EI is “the ability to monitor one’s own and others’ feelings and emotions, to discriminate among them and to use this information to guide one’s thinking and actions” [17] (p188). EI is generally conceptualized as having four overarching domains - self-awareness, self-management, social awareness, and relationship management - embracing eighteen different competencies [18]. EI has been linked to better interpersonal relations [19] and compassionate and empathetic patient care, and better communication and professionalism skills [20]. Despite concerns with the reliability and validity of EI measures [21], EI has been linked to effective leadership in many professional arenas [18, 2224], including in medicine [20, 25, 26], hence a model of leadership styles based upon EI. Additionally, it has been incorporated as a key aspect of learning the leader role in the CanMEDS 2015 tools guide [27].

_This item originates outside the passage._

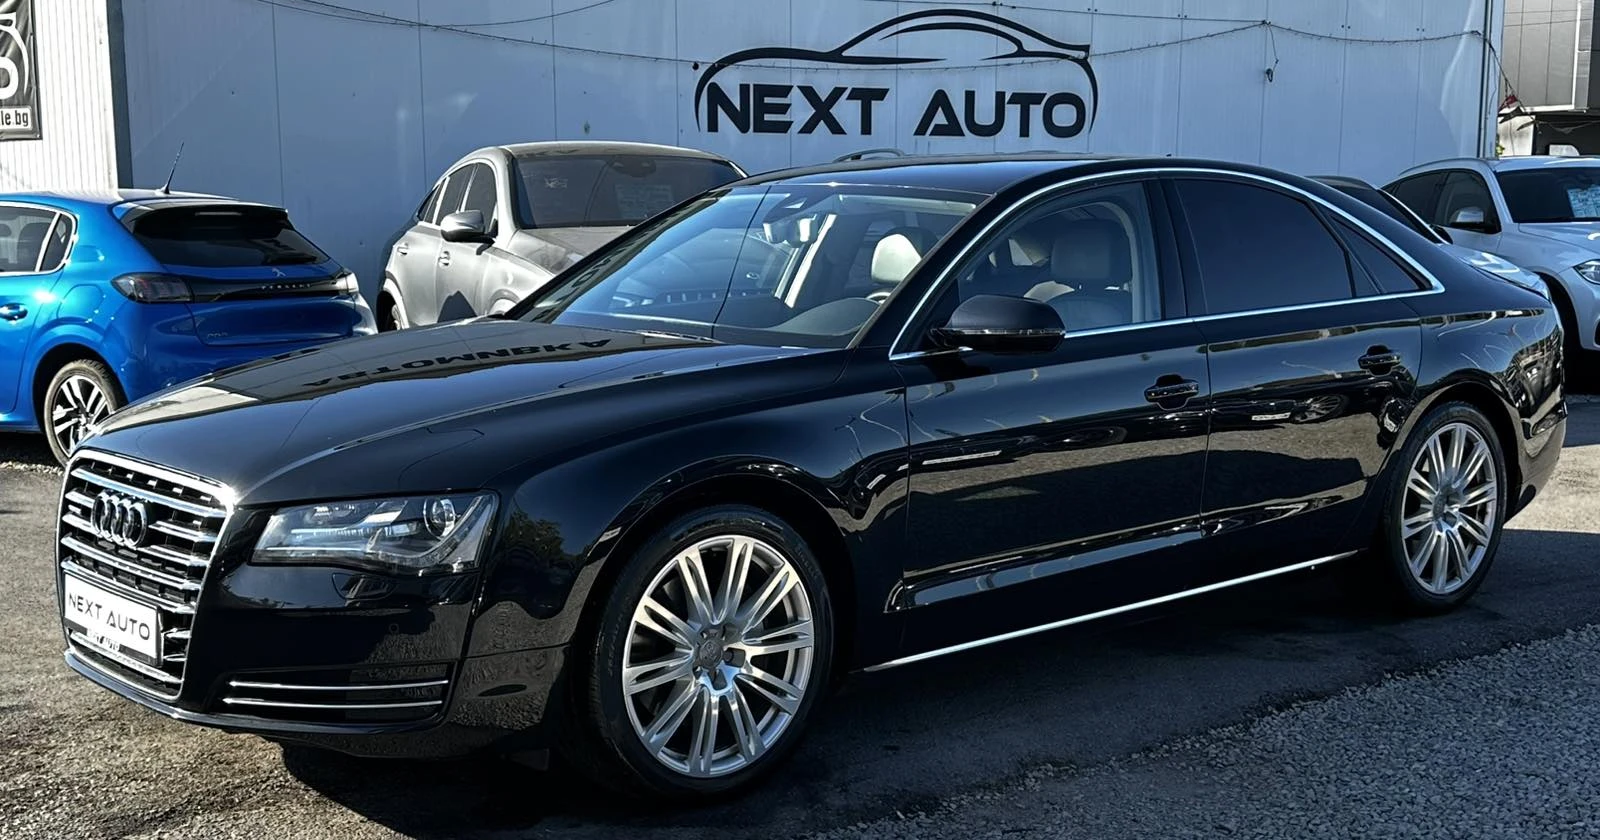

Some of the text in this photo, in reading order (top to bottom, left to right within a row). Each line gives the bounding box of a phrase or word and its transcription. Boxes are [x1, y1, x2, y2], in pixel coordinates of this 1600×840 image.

Goleman’s work on leadership styles incorporates EI [28] and is based on the studies carried out by the Hay Group (as referenced in [29]), which claimed that EI accounts for more than 85% of exceptional performance in top leaders. These leadership styles are understood in terms of the leaders’ underlying EI capabilities and each style’s causal link with outcomes [28]. The most effective leaders act according to one or more of six distinct leadership styles depending on the situation: visionary (syn. Authoritative – outlining the vision and allowing innovations and experimentation), coaching (developing long-term goals based upon peoples’ strengths and weaknesses), affiliative (promoting harmony and personal relationships), democratic (emphasizing teamwork and collaboration), pacesetting (focusing on learning new approaches and performance to meet challenging goals), and commanding (seeking immediate compliance) [18]. Although successful leaders are able to adapt the type of leadership style they use to a specific situation or circumstance [30], many leaders may use one style more often than others, which compromises their effectiveness.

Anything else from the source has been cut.